I was also stunned as it seemed more like 4:30. That’s what happens when you walk around the empty fields of Old Hill Village – time gets suspended.

Another Day

The day after working a set of Morse code paddles in reverse and eating ice cream sandwiches it rained.

It was a warm rainy day. The rain ate snow like Jim and I devoured the mostly air-filled bag of chips the day before.

Countless gallons of water streamed down the mountains into the Pemigewasset River causing the employees at the Franklin Falls Dam to restrict the water flow.

Here's the north side of the Franklin Falls Dam on the Pemigewasset River. You can see the floodwaters starting to back up behind the dam. Photo credit: Tim Carter - W3ATB

Here’s the north side of the Franklin Falls Dam on the Pemigewasset River. You can see the floodwaters starting to back up behind the dam. Photo credit: Tim Carter – W3ATB

When that happens, Old Hill Village becomes Old Hill Waterpark. The roadway we sat on just 72 hours ago was now probably 15 feet underwater.

On Thursday, April 17, 2014 I emailed Jim in the morning:

“I’d love to see the water in Old Hill Village.”

His reply email subject line read “how badly” and the text was, “Do you want to see it?”

Plans were made to meet at the Hill Village store of Endless Ice Cream Bars at 1:15 p.m.

It didn’t take long to get to the parking lot at the bridge that crosses Needleshop Brook.

It also didn’t take long to get to the end of the road leading to Old Hill Village as the Pemigewasset River had become the Pemigewasset Sea.

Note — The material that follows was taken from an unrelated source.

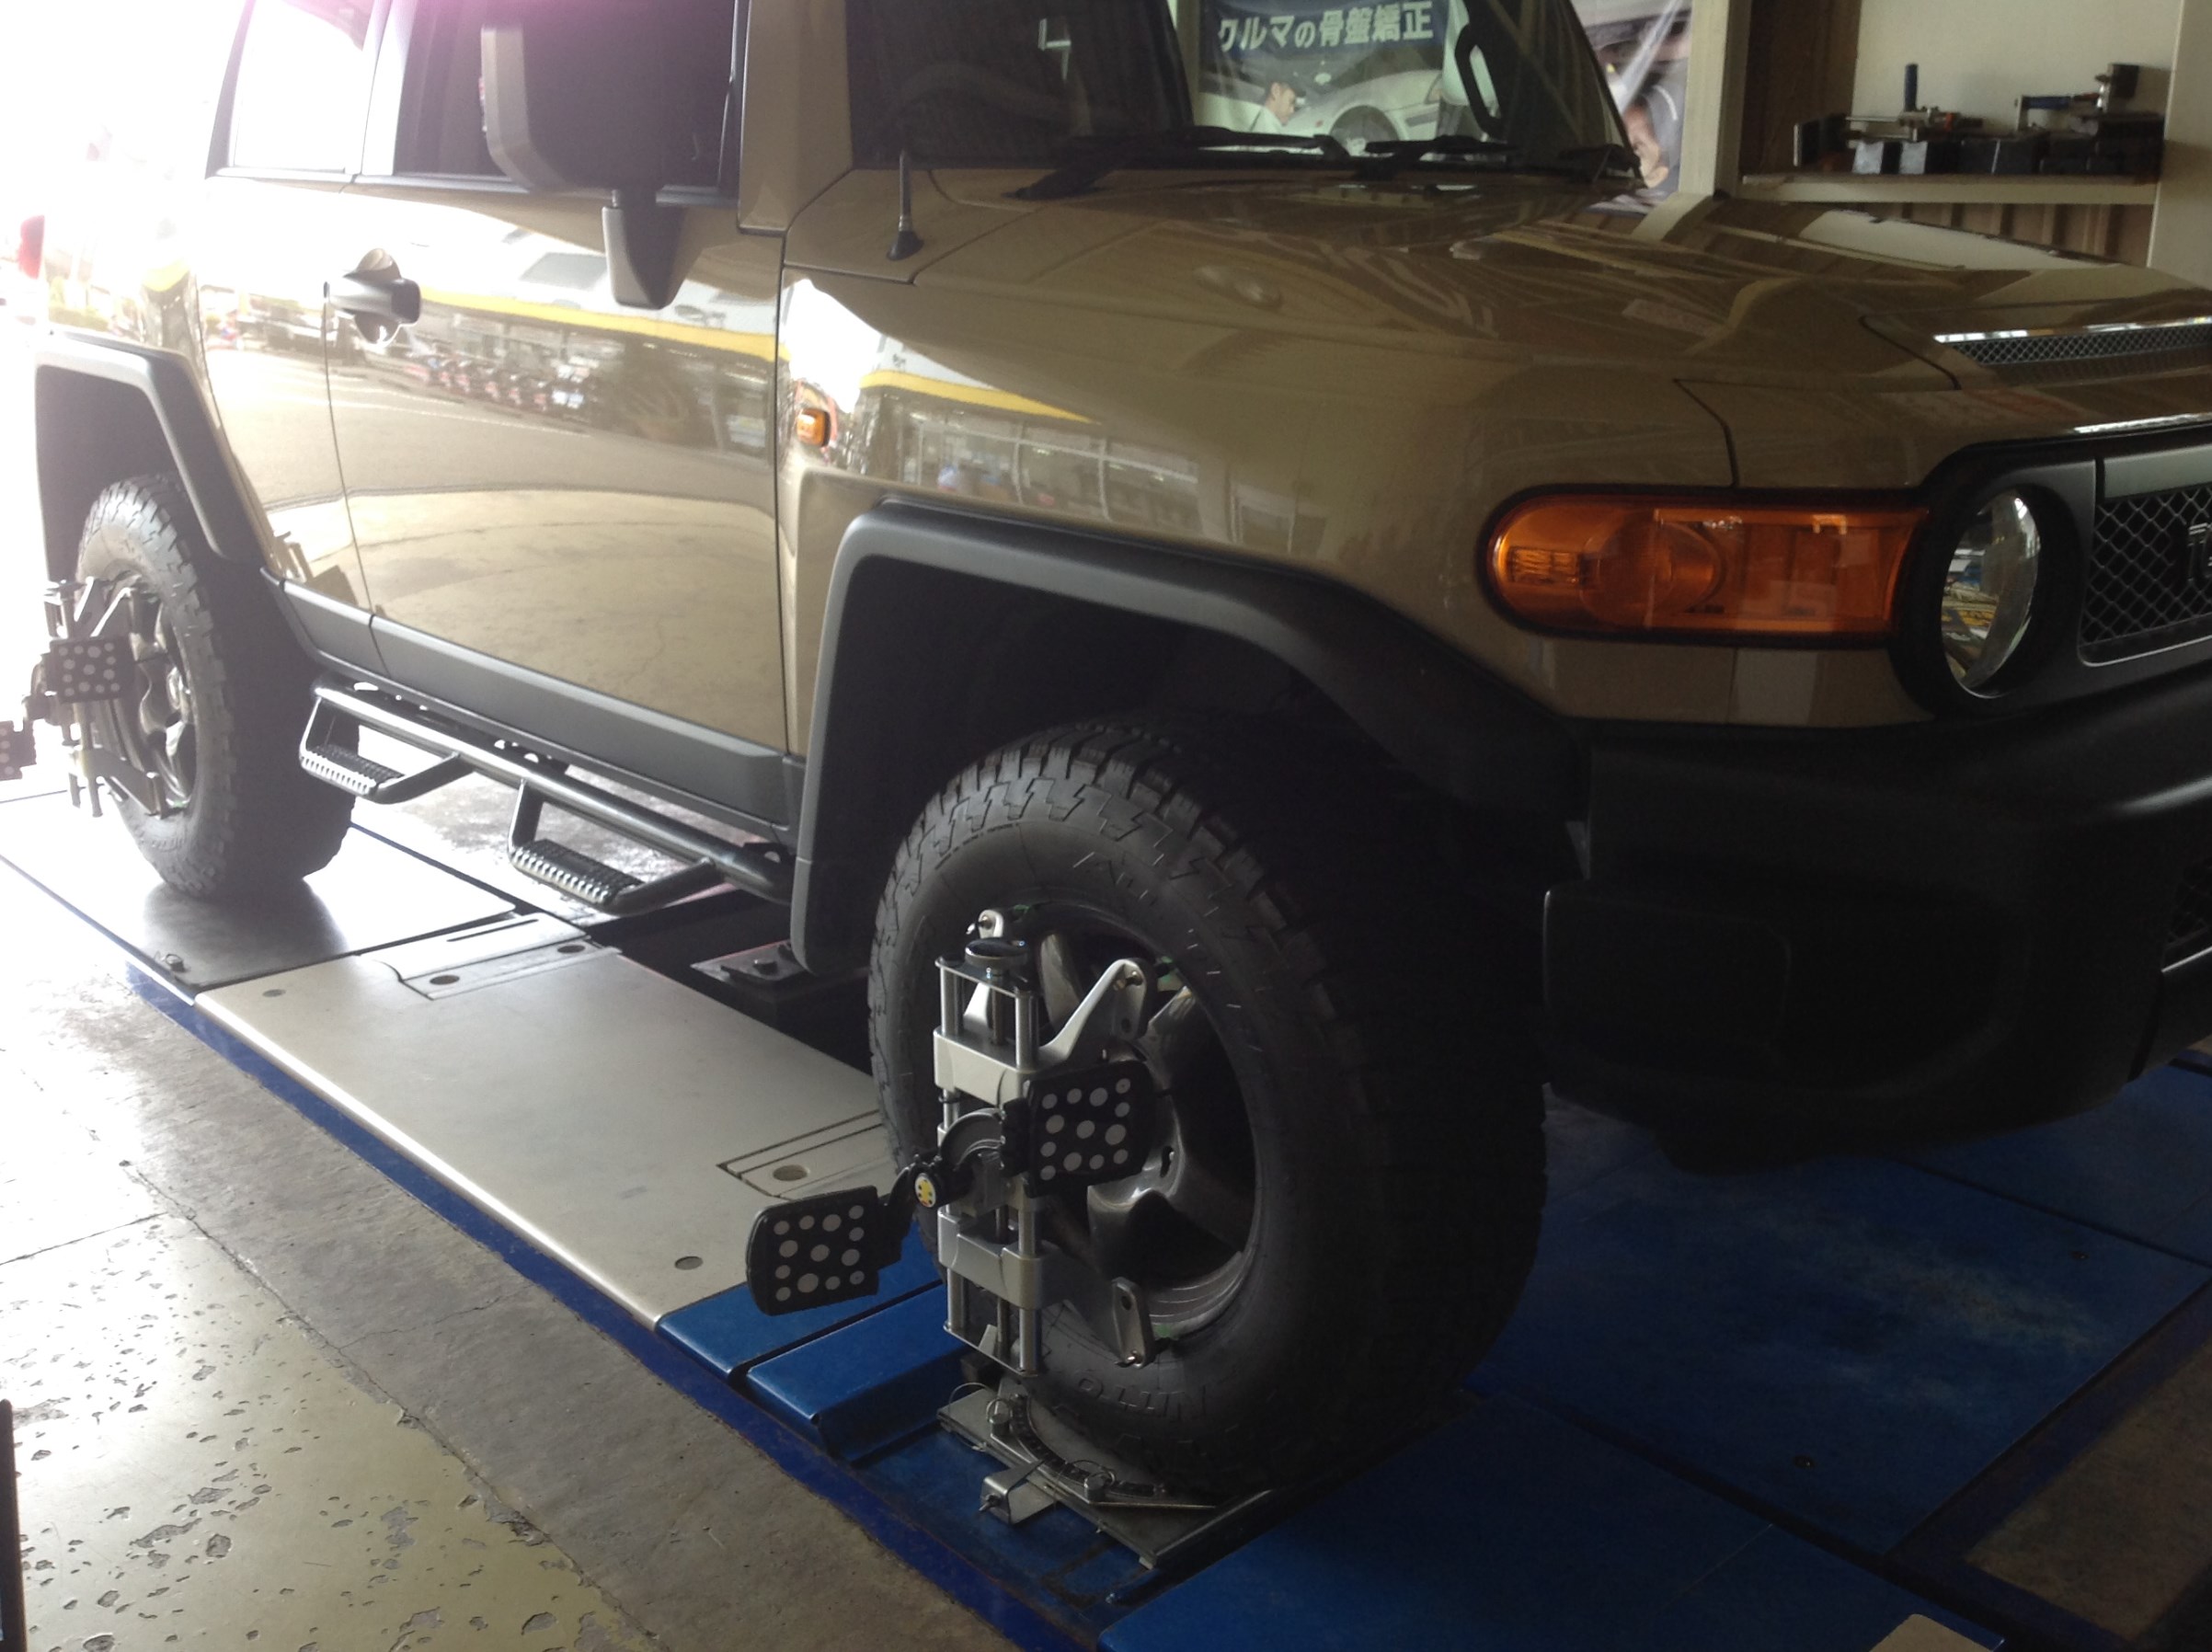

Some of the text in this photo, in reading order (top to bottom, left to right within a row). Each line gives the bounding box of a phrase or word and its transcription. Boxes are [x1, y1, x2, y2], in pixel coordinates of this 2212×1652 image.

[1217, 1, 1435, 52] クルマの骨盤矯正

Here you see the shoreline of the Pemigewasset Sea as it laps at the old roadway along Needleshop Brook. Photo credit: Tim Carter - W3ATB

Here you see the shoreline of the Pemigewasset Sea as it laps at the old roadway along Needleshop Brook. Photo credit: Tim Carter – W3ATB

Water was creeping up the roadway that lead down to Old Hill Village.

“Let’s go off on this trail. I’ll bet there’s a small field to set up in.” Jim knew the area well after exploring it for years. He feels Old Hill Village is one of the most beautiful spots in New Hampshire.

I feel this perception is grounded more in the solitude he finds there, although it is a gorgeous spot. I’m more of a hill and mountain man myself when it comes to views.

It didn’t take long to find a nice spot next to the sea that sported dry grass flattened by the heavy winter snow. Little did we know, but someone must have been there hours before with their best friend.

As Jim started to get out his gear to fling his bottle and cord up into the tree so we could pull up his antenna wire, I proceeded to put my right boot into a mushy pile of you-know-what.

There’s no mistaking it when you step in dog doo. It’s slippery, and you can feel it ooze out each side of your boot.

“Damn it!”

“What’s wrong? What’s happened?”

“I stepped in a pile of dog s * * *!”

BWAHA HA HA HA HA HA HA!,” was Jim’s response as I tried to wipe my boot off in the grass. Soon I joined him in the laughfest as what were the odds that I’d find a pile of dog crap in 3900 acres of land.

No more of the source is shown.